受熱擾動影響的電路，其隨機行為類似於高粘度流體中的微觀粒子。藉由外加回饋控制技術(feedback-controlled technique)，我們通過實驗在電路中產生可調虛擬位能的布朗動力學(Brownian dynamics)。當回饋速度夠快，電路雜訊在虛擬位能井(virtual potential)中的行為與在真實的位能井中沒有區別。實驗結果顯示電路版本的回饋阱對於研究非平衡系統是個簡單、有效且可編程的方案。而這樣的方法理論上可以擴展到多自由度的系統。通過回饋耦合兩組電阻電容電路，便可觀察到布朗旋轉子(Brownian Gyrator)的現象。

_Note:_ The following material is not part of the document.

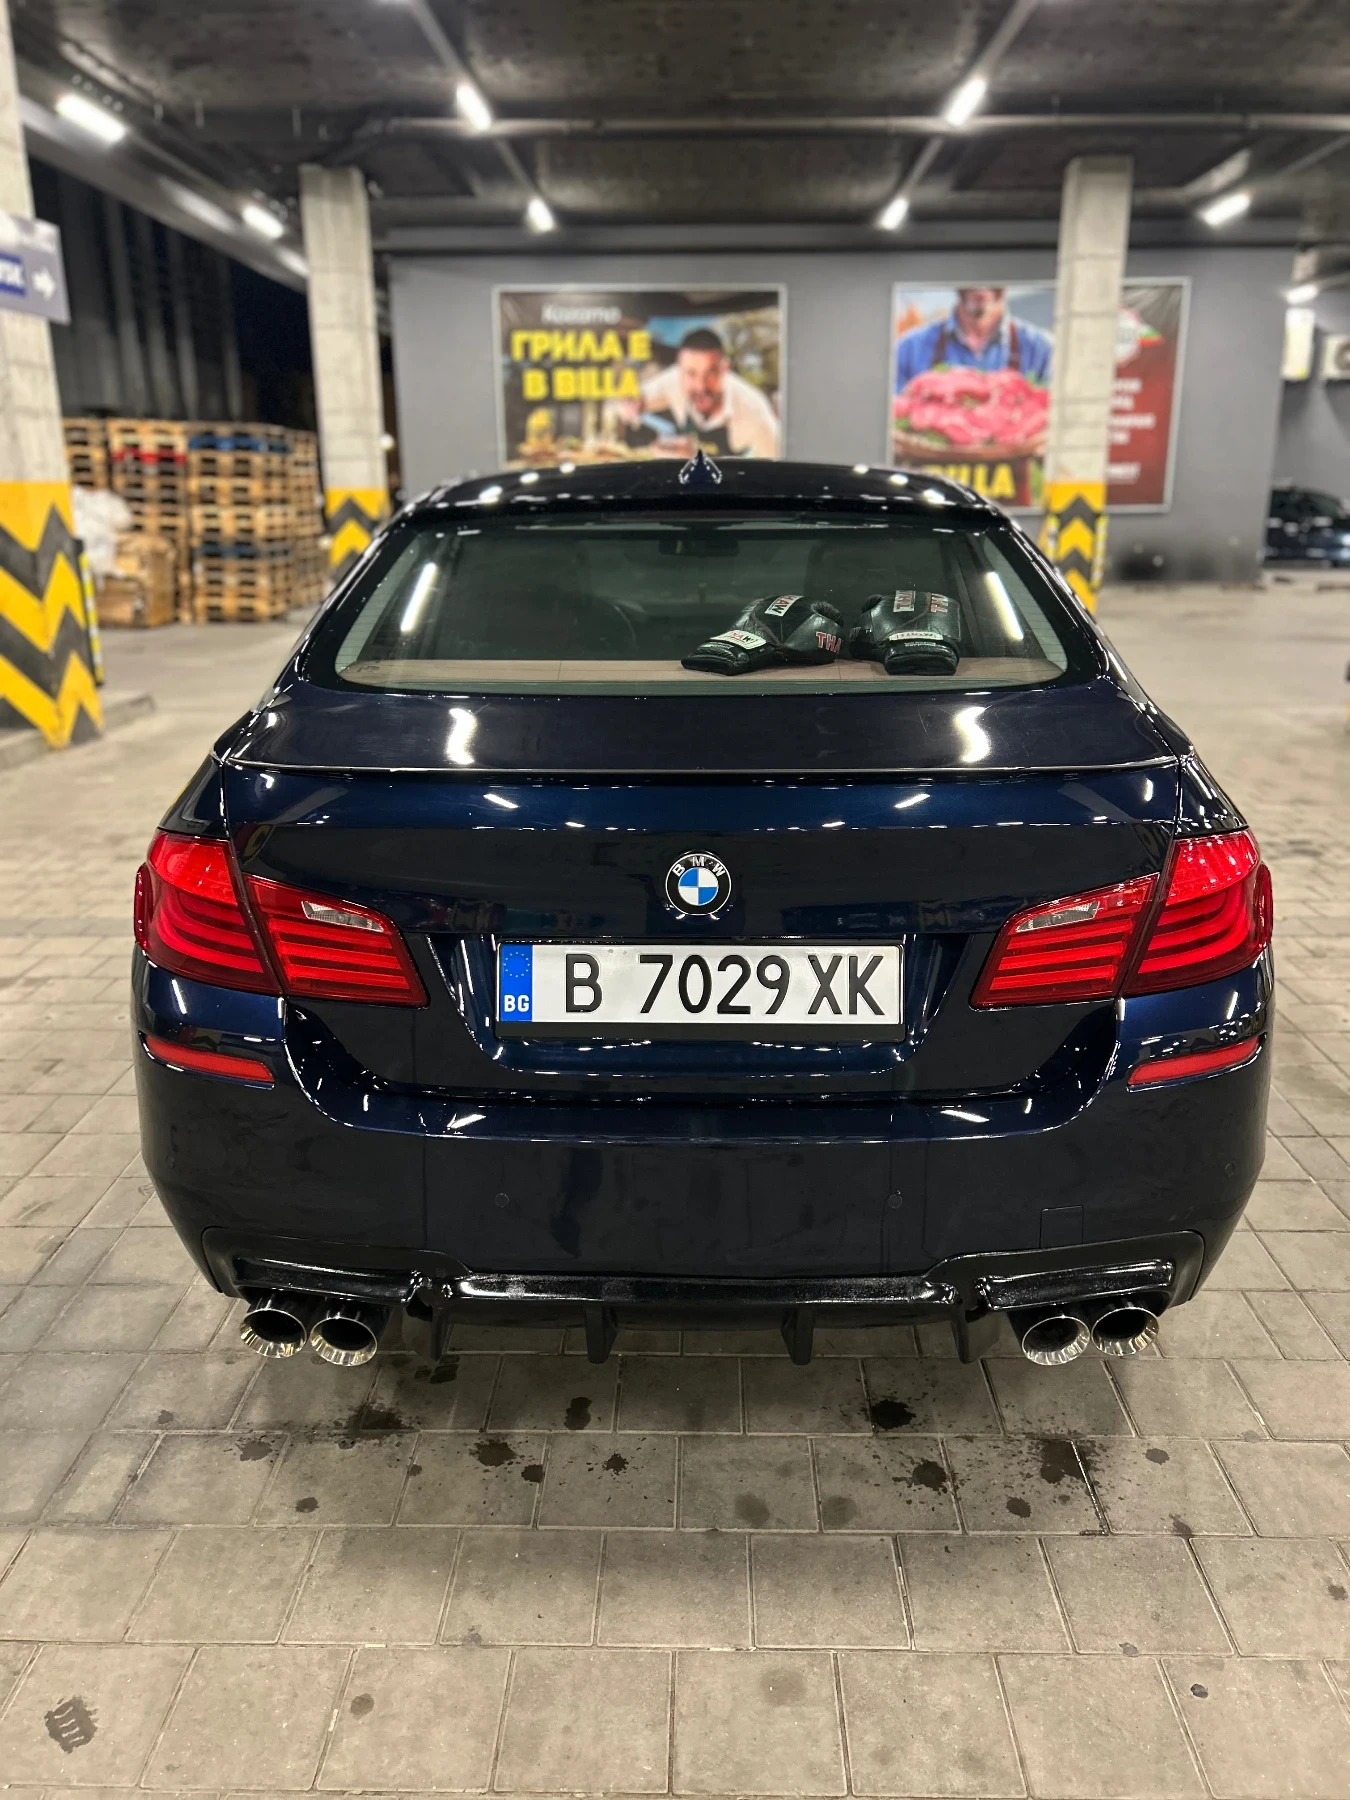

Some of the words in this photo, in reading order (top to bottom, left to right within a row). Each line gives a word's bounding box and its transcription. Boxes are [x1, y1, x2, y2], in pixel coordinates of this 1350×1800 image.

布朗旋轉子的製備是二維布朗粒子在諧和位能(harmonic potential)中，並受到來自不同方向且具備不同溫度的隨機力撞擊。我們將諧和位能替換為其他類型的位能，並通過模擬研究其非平衡穩態動力學(non-equilibrium steady state dynamics)。在非諧位能的情況下，我們發現此系統機率流(probability flow)不沿著機率等高線流動。甚至在可線性近似的位能低點附近也存在違反此特徵的情況。此現象意味著機率流的方向不垂直於機率梯度，且粒子的熵隨穩態軌跡而改變。

摘要(英)

Electric circuits affected by thermal agitation are analog to confined Brownian particles in a high-viscosity fluid. Here we experimentally demonstrate an effective technique of generating tunable potentials for the Brownian dynamics in an electric circuit, realized by external controlled feedback. The thermal fluctuation undergoes equivalent Brownian dynamics in the authentic potentials as long as the feedback is fast enough to react for designed potentials. The results show that the electric-circuit version of feedback-trap provides a simple, effective, and programmable scheme to study non-equilibrium system. The generation can in principle be expanded to systems with multi degrees of freedom. The phenomenon of the Brownian gyrator can be observed by coupling two RC circuits with a feedback function instead of a coupling capacitor.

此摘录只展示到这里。